Large quantities of heavy Japanese supplies and some troops were moved by rail from Indo-China and Thailand into northern Malaya. To facilitate repair of railroads and bridges, apparently large stocks of railroad materiel were accumulated in Indo-China before the invasion of Malaya. Japanese engineers appear capable of making quick temporary repairs to damaged railroad and highway bridges.

d. By Air

The Japanese have used air transports for both personnel and supplies, but the extent of such activities is not known. They used 100 transports in a parachute attack on Palembang, Sumatra, and, according to reports, 1,500 troops were transported by air, apparently from Bangkok, possibly from Hanoi, to the vicinity of Chieng-mai in Thailand. It is believed that the enemy uses transport aircraft for aviation supplies, although no detailed intelligence has been received to this effect. It is definitely known that air-borne troops have been trained and that the Japanese began a study of the possibilities of air transport some time before war began.

e. By Bicycles

The Japanese utilized a large number of locally obtained bicycles in Malaya to move troops and light equipment to the front. Usually the riders traveled along the road in single file. Mortars, mortar ammunition, and small arms ammunition were carried on an iron-wheeled vehicle which was attached by a chain to a tandem bicycle propelled by three men.

6. TACTICS

a. Offensive (1) Approach march.—The Japanese company uses roads as far as possible until contact with the enemy is made. One squad1 of each platoon usually travels along the sides of the road and the other squads travel under any available cover on each flank. The leading element of the company consists of 6 scouts, who range about 350 yards ahead of No. 2 platoon (fig. 1). Back of this platoon by 200 to 350 yards is company headquarters, followed closely by No. 3 platoon and then No. 1 platoon. When the squad uses scouts to locate hostile positions, the scouts return to the squad before the attack.

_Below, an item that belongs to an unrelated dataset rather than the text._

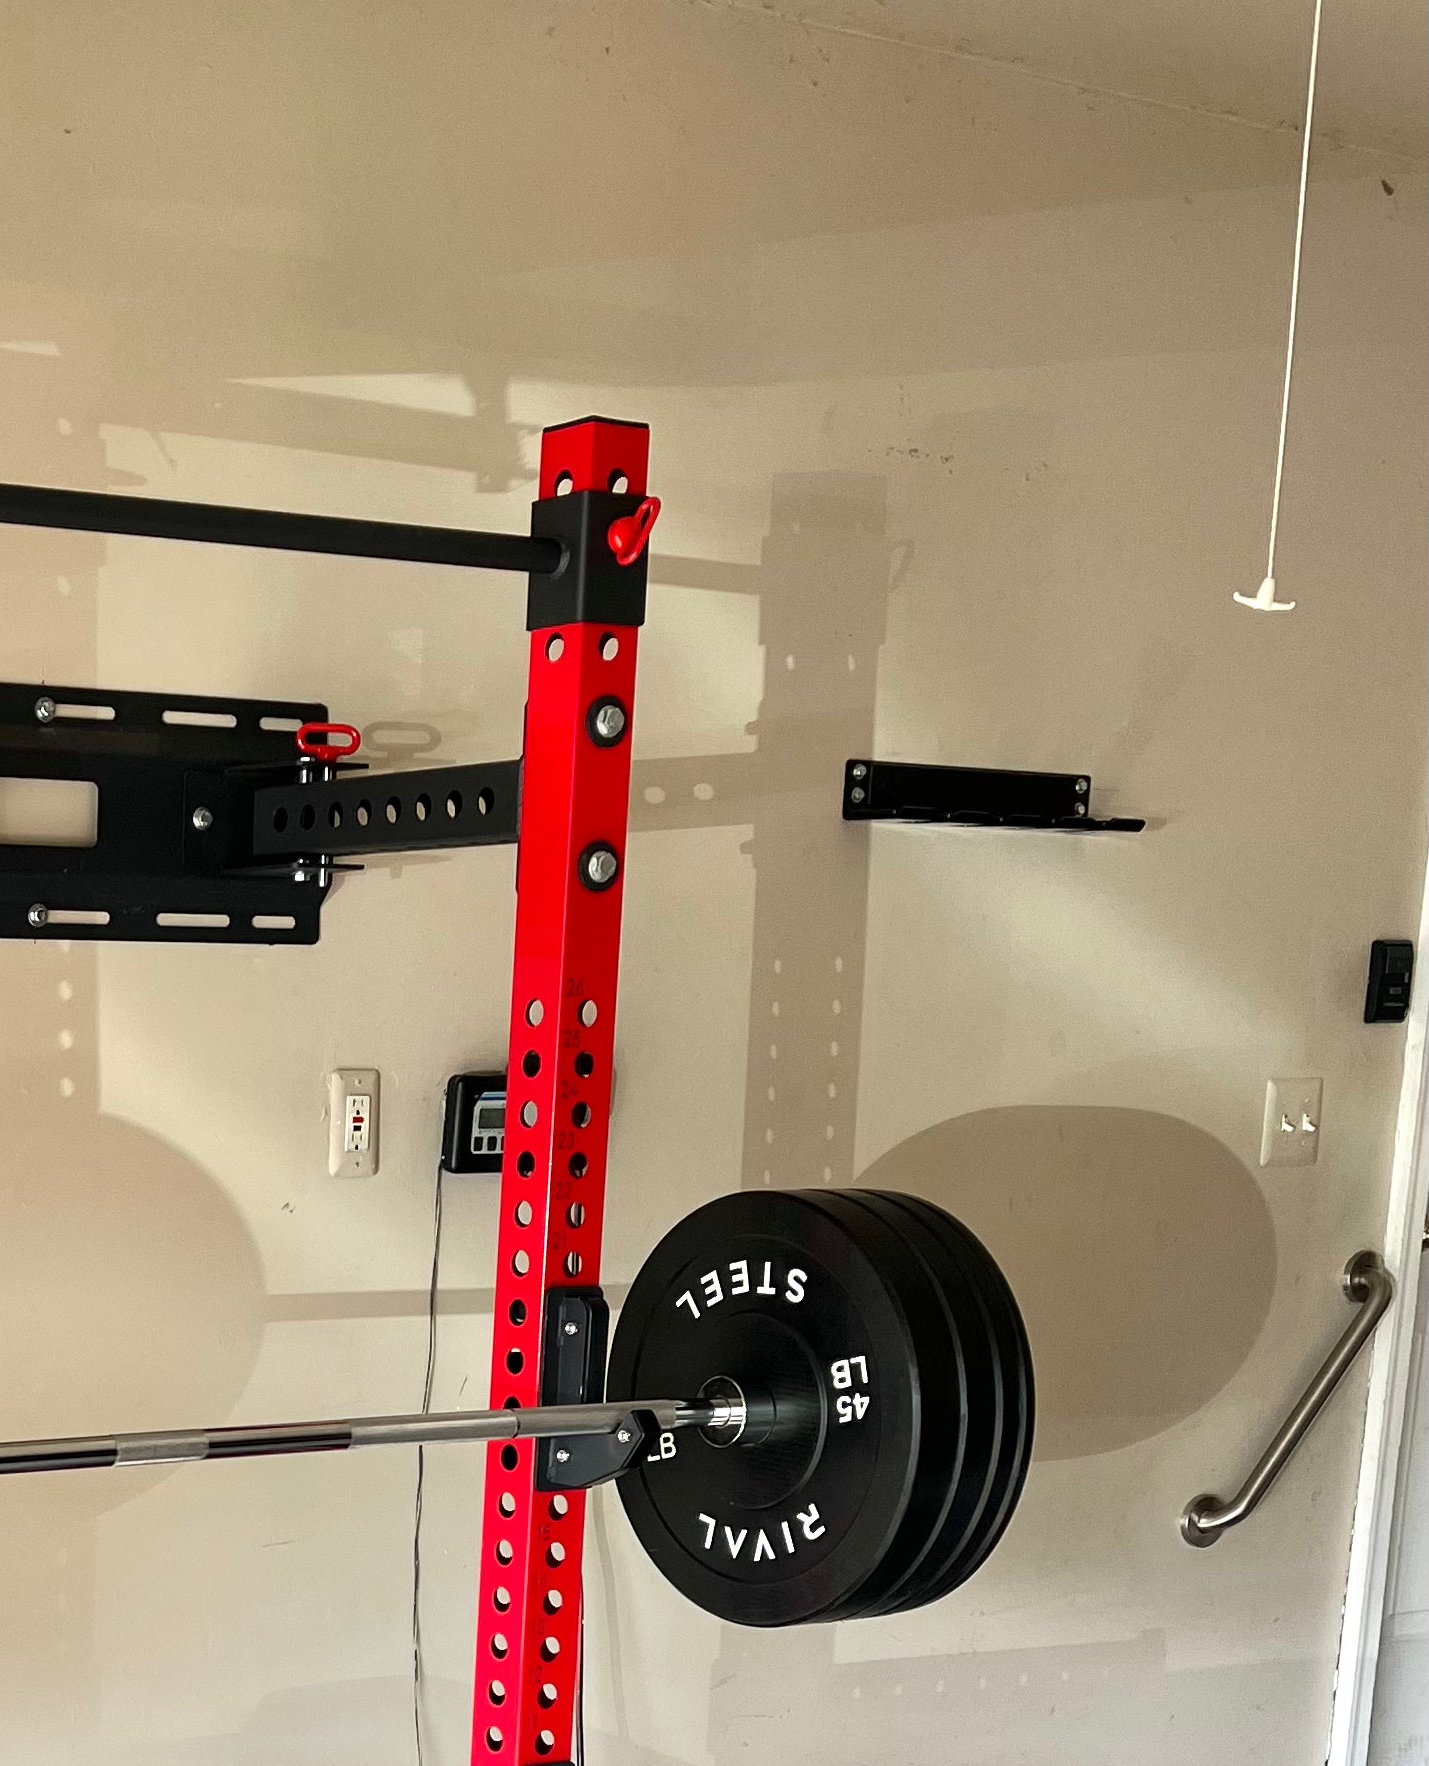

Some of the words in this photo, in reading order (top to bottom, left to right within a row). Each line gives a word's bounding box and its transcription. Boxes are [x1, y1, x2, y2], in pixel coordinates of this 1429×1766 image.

(2) Infiltration.—Once having made contact with the opposition, the Japanese avoid frontal attacks in force and send patrols around the flanks and to the rear of their opposition. These patrols usually are small, consisting of from two to a few dozen men. They are dressed lightly but are armed with light machine guns. Each man carries enough concentrated food to keep him going for several days. These men apparently have been trained thoroughly, hardened for jungle warfare, and given wide discretion as to tactics. They are expert swimmers and boatmen and are otherwise qualified to overcome the difficulties of jungle warfare. They have been instructed to look upon woods and water as means, not obstacles. In the initial stages of the infiltration attacks, small patrols creep noiselessly around the flanks or between defense points to surround the opposition. Usually they remain quiet until their comrades in front of the defenders feint a heavy frontal attack. Then the infiltration patrols open automatic fire to give opposing forces the impression that they have been surrounded. The patrols keep moving about while firing and even when fired on. The volume of fire produced by an unusually large number of automatic weapons in the hands of the patrols and front-line troops indicates stronger forces than those actually engaged. Sometimes the Japanese have set off firecrackers and have made other noises to imitate fire. Sometimes great batches of firecrackers are dropped from planes, with a lighted fuze to ignite them after they fall.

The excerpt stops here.